Aug 5, 2009

Language Changes

I see it quite often - somebody uses a form that somebody else dislikes, and that somebody criticizes it, and yet another person comes in and says that the controversial form is, in fact, quite acceptable, because language changes. The answer is inevitably "Bullshit!"

The truth is, it does. Proof is easy enough to find - from the more obvious ones, such as "thee" and "thou" being gone, to the more subtle ones, such as the phrase "an apron" having become grammatically correct - the original form, of course, being "a napron", to go with "a napkin". I see the auto-correction even underlines the term "napron" with red, which illustrates quite remarkably quite how far this chane has gone, rendering the original completely unused except by nerds like me.
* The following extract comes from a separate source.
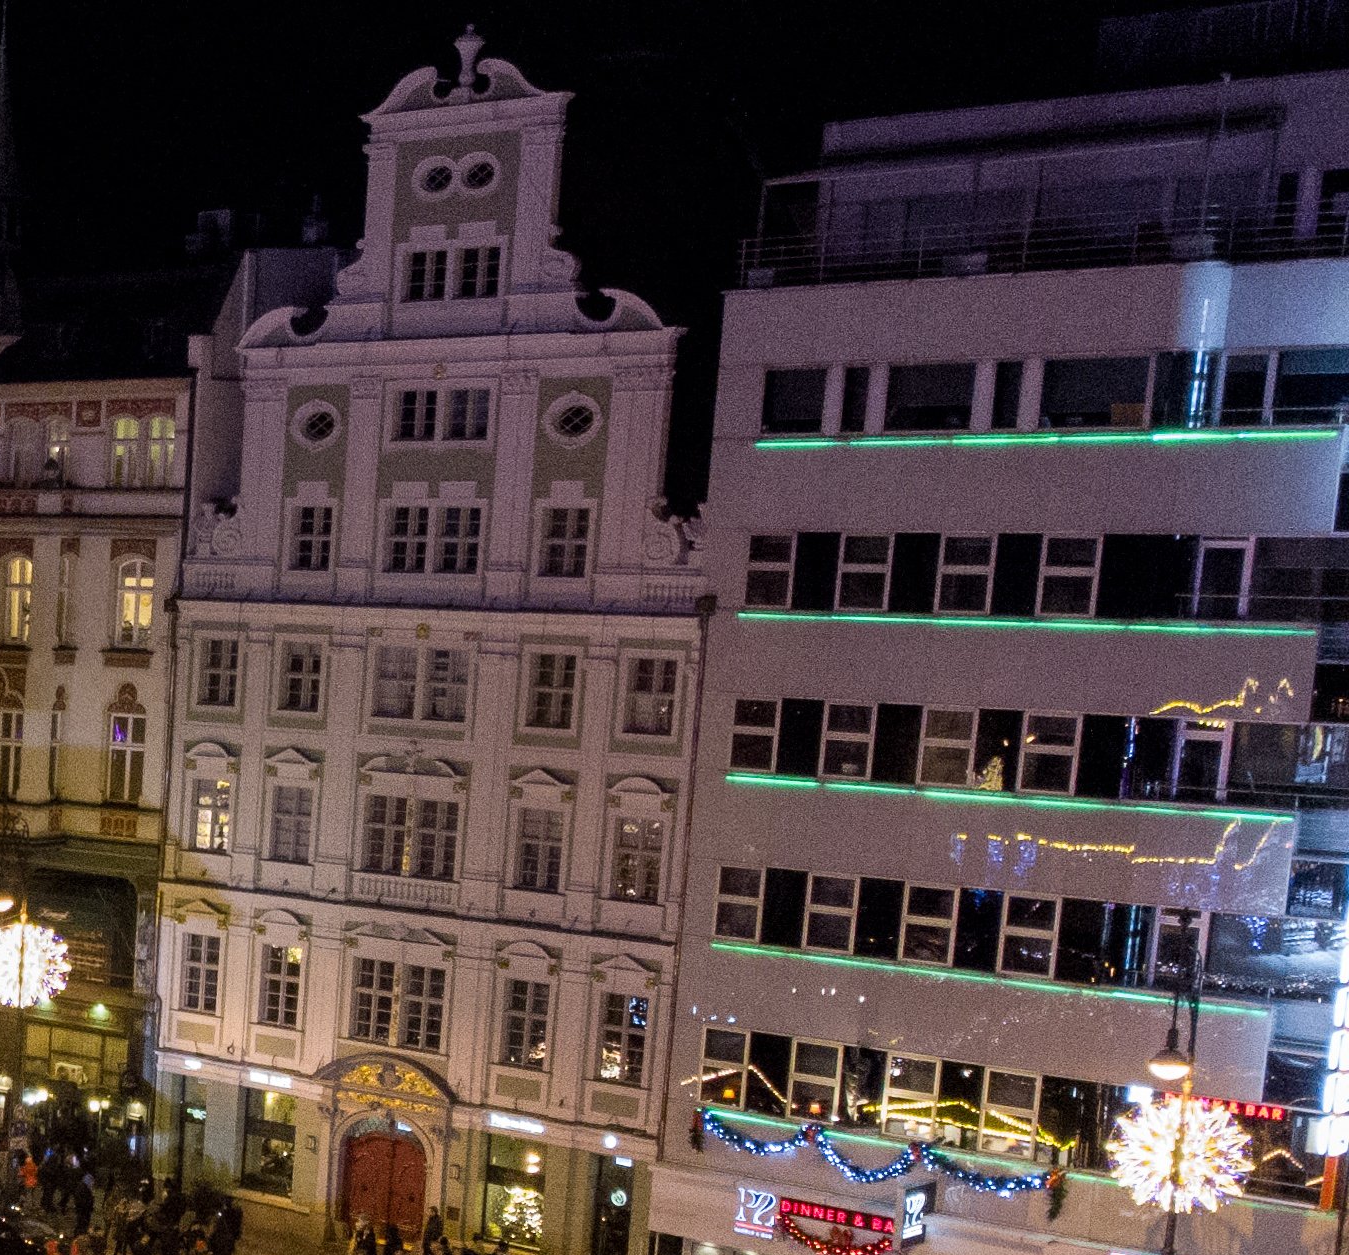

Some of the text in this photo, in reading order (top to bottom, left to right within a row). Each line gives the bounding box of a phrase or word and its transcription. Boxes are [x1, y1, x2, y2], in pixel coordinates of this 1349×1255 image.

[1245, 1104, 1283, 1121] BAR
[781, 1200, 848, 1224] DINNER
[853, 1214, 866, 1228] &
[872, 1217, 895, 1233] BA
But that's not the only change - witness how the term "bridd" metamorphed into "bird", with the original form being extinct, or how the word "if" had lost its meaning of "since" entirely, which it retained long into the 1800s. Other changes is that once "silly" meant "blessed" and Buxom" "obedient". Try using them with this meaning now!

If thou no doubt hast payed Attention, being the buxom Reader that thou art, thou shouldst with no Problems discern the Truth: Language doth change.

2 comments:

  1. I totally agree. It annoys me when people just plainly deny that languages change. Of course they do.